Perhaps ever since the Peasant Wars of 1525 – or at the very latest, since the Failed Revolution of 1918/19 – Germany’s ruling elite has known to keep a watchful eye on the more rebellious sections of the population.
The rise of capitalism and new technologies has only furthered the drive toward total surveillance – what we now call surveillance capitalism.
The latest chapter in the saga of spying on citizens and identifying potential delinquents – as defined by the state – comes in the form of a U.S. spy software called Palantir.
In 2008, the Palantir corporation introduced its tellingly named software: Gotham – a dark, corrupt, and crime-ridden metropolis familiar to Batman fans.
Palantir’s tool is a defense and intelligence platform. It links so-called “alerts,” geospatial analysis (read: we know where you are), and generates algorithmic predictions about your potential to violate laws – as interpreted by police, state institutions, and Palantir’s own algorithms.
Palantir Gotham has already been deployed for something euphemistically referred to as predictive policing. That means identifying you as a suspect, a wrongdoer, a delinquent, an “unruly element,” or simply a criminal before you even know that you’ve become one – at least according to the algorithm.

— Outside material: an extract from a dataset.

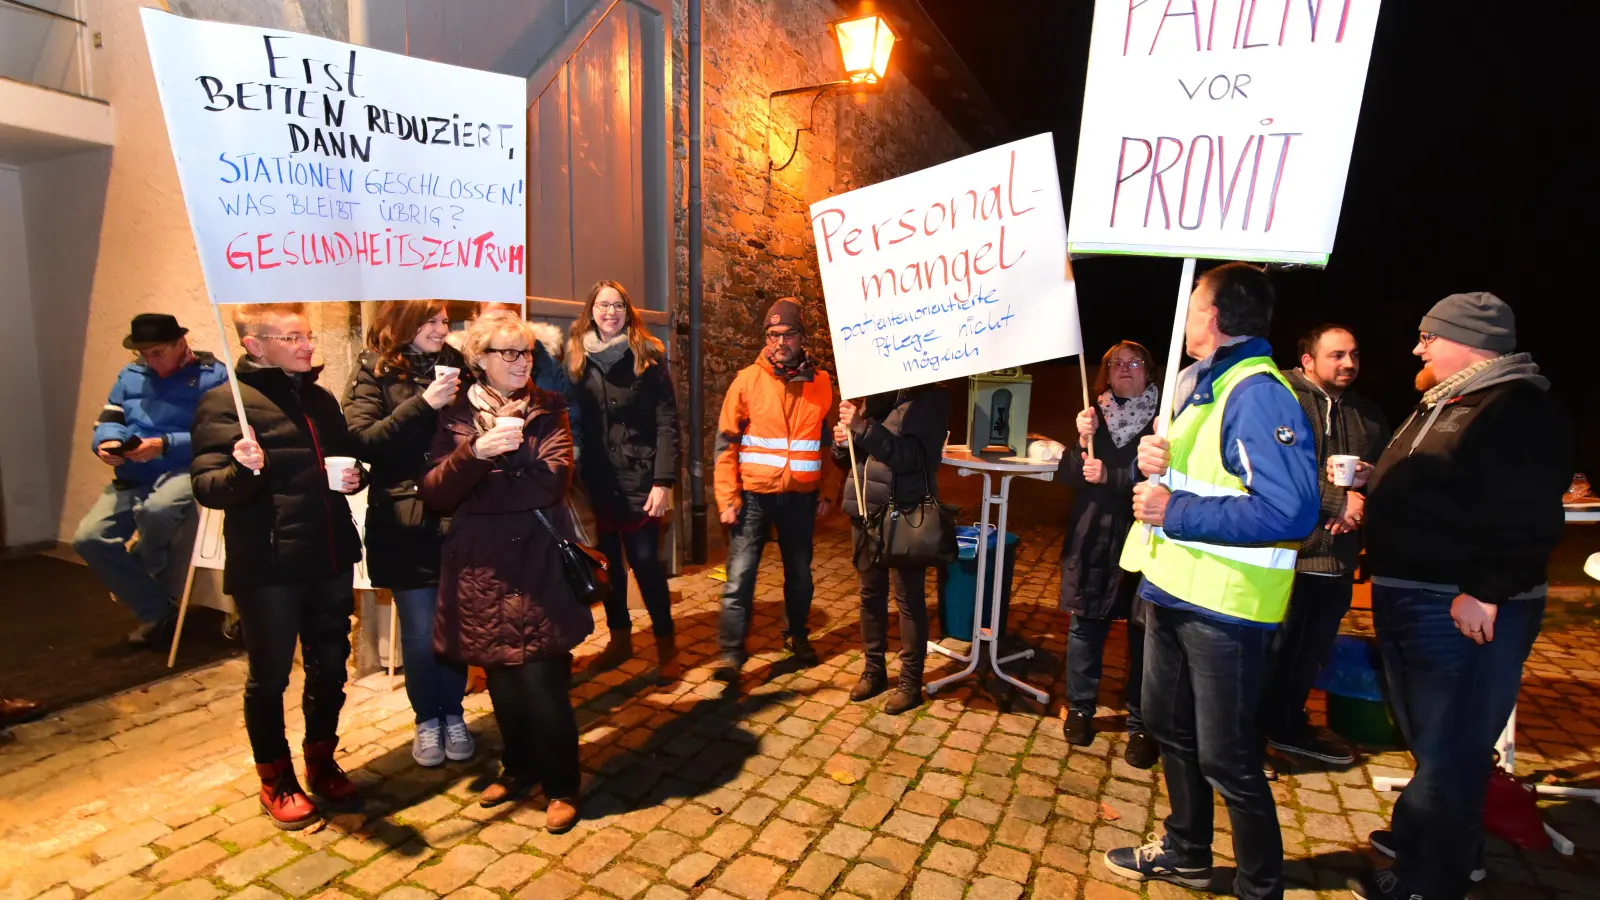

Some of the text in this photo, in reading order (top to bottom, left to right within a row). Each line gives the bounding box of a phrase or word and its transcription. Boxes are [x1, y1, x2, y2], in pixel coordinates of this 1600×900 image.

With Palantir’s assistance, and just to be sure, police can arrest you – or, on a good day, merely harass you –before you’ve done anything that would traditionally be considered illegal.
And all of this might be decided not by a judge, but by an authoritarian ruler like Orban, a religious demagogue like Modi, a neo-fascist like Meloni, or, worse still, a wannabe dictator like Trump. In the U.S., racism in police AI analytics is rarely far behind.
In other countries, additional – largely invented – discriminatory markers can be added to the mix. The idea is simple: blame the victim, and – this is crucial – don’t blame capitalism, mass poverty, unemployment, despair, homelessness, or any of the structural problems of society.
In other words, it’s not the structural violence of capitalism or its built-in brutalities that’s at fault. It’s the individual – to be monitored, profiled, and punished.
Because of its high potential for abuse, Germany’s Social Democratic Interior Minister halted federal use of Palantir in 2023. But in Germany’s federal system, this was largely symbolic. Policing is a state matter – not a federal one.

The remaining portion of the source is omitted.